This Rococo architect’s table dates to ca. 1770 and was very probably designed by David Roentgen at Neuwied, Germany. The table is made of oak and cherry and is veneered over-all in stained maple. The top is veneered with four sheets of maple veneer (originally dyed gray) and cross banded in highly figured rosewood with an additional green-stained maple border. The top, entablature drawer, sides, and back are inlaid with pictorial marquetry of various stained woods (most likely maple and beech with possibly more exotic woods). The four removable cabriole legs, each edged with green maple veneer banding that continues at the lower edge of the entablature, support a drawer with two ormolu handles (3) (possibly of English manufacture) and a steel key plate (possibly not original). The drawer has a black leather-covered writing board with a gilt-tooled border and two movable compartments that reveal an additional drawer and storage spaces. An additional small compartment, which would have been accessed from the side of the drawer, is now lost. The front of the drawer is decorated with colored marquetry floral sprays inlaid to the sides of the handles. Similar sprays are centered on the sides and back. All of the entablature rails have a serpentine contour on the lower edge and also project outward with slight bombé shaping.
The top board can be mechanically raised either to an easel configuration or to an elevated flat configuration by means of two ratcheted lyre-shaped supports.

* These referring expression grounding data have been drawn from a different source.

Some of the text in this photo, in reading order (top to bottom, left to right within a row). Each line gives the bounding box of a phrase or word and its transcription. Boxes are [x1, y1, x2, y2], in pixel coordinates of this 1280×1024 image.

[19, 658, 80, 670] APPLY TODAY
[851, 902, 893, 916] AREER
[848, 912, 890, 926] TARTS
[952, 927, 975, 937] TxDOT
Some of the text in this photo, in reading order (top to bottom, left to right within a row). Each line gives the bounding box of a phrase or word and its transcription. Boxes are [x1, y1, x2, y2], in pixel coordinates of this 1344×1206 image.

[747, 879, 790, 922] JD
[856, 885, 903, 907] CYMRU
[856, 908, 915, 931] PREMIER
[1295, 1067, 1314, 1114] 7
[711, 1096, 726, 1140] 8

This allows this type of table (known in German as a Pultschreibtisch) to be employed at either a seated or a standing position. The top board is elaborately decorated with a still life of floral marquetry. In the lower third, above the inlaid reading slope, is the depiction of what appears to be the rectangular top of a fluted pier or pedestal, along the side of which are foliate vines. On the top of this pedestal are various colored floral sprays formed from dyed veneers (now partly faded), some of which rise above the pedestal into the upper area of the design. (4) At the top, a green ribbon, festooned with small flowers, is represented as threaded through five eyelets at the top and sides of the cross-veneered banding. The ribbon forms a bowknot at the center eyelet. Curiously, the composition of the pedestal and flowers is off-center, being positioned closer to the left side.

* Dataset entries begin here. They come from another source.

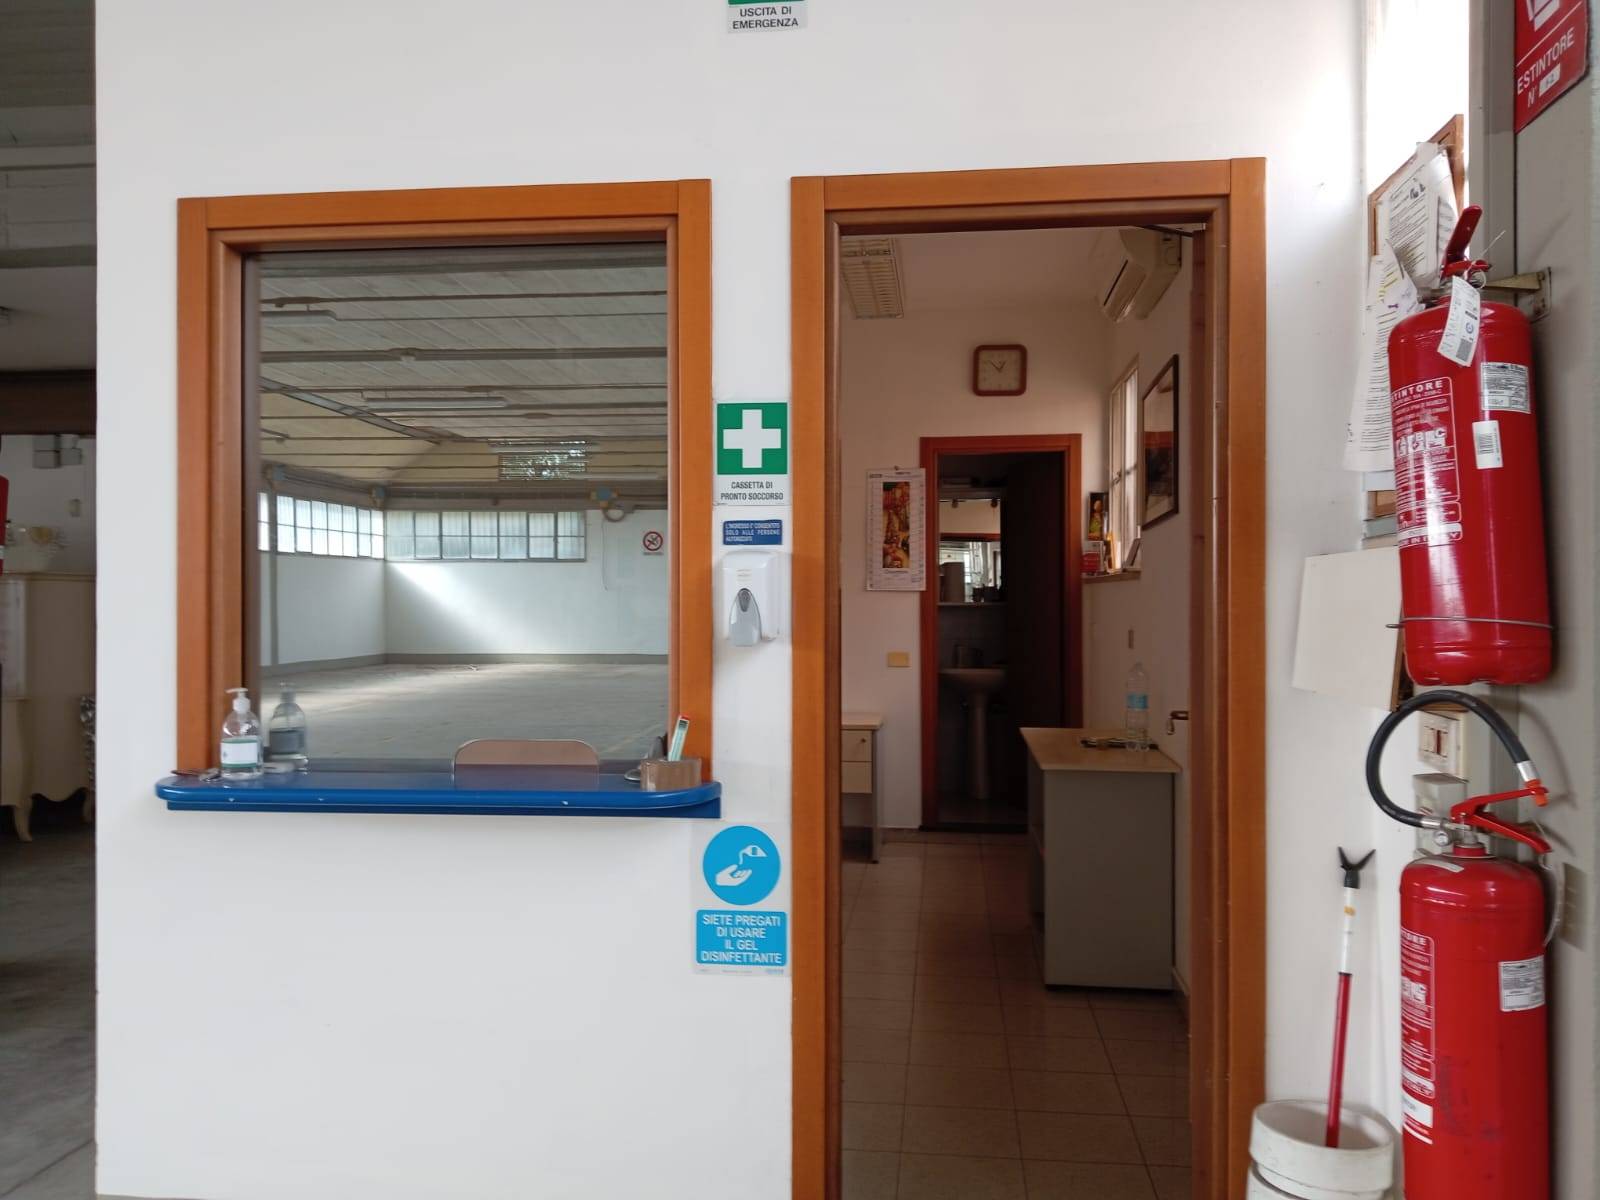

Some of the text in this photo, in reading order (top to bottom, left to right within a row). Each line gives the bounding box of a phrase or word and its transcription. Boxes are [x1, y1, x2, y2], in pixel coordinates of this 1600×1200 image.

[740, 6, 792, 17] USCITA DI
[732, 18, 799, 29] EMERGENZA
[1517, 26, 1575, 96] ESTINTORE
[731, 481, 773, 490] CASSETTA DI
[720, 492, 784, 501] PRONTO SOCCORSO
[703, 914, 781, 927] SIETE PREGATI
[716, 926, 767, 939] DI USARE
[724, 939, 759, 951] IL GEL
[701, 950, 783, 964] DISINFETTANTE

The Dumbarton Oaks architect’s table can be dated to ca. 1770. Its marquetry designs are typical of those used on tables made in the Roentgen workshop between 1768 and 1770, which consisted of bold pictorial Rococo ribbons, flowers, fruit, birds, and insects. (5) These late Rococo work tables and center tables also all have slender cabriole legs, a single entablature frieze drawer, few ormolu mounts of a simple and often English design, and simple floral sprays of marquetry on the sides and tops. In particular, the rendering of the roses is characteristic on these pieces. Although the ornamental draftsmen of these designs are unrecorded, several invoices from the engraver Elie Gervais sent to David Roentgen in the years 1771 and 1772 suggest that he and his employees, Raillard and Louis Schmoutz, had drawn flowers for Roentgen. (6) The marquetry designs on this group of tables are mostly elaborately stained, scorched, and engraved. However, on the Dumbarton Oaks table, the scorching and engraving is kept to a minimum, and the presence of Roentgen’s new à la mosaïque technique suggests a date around 1770 just before Roentgen abandoned scorching and engraving altogether in favor of the exclusive use of the new technique.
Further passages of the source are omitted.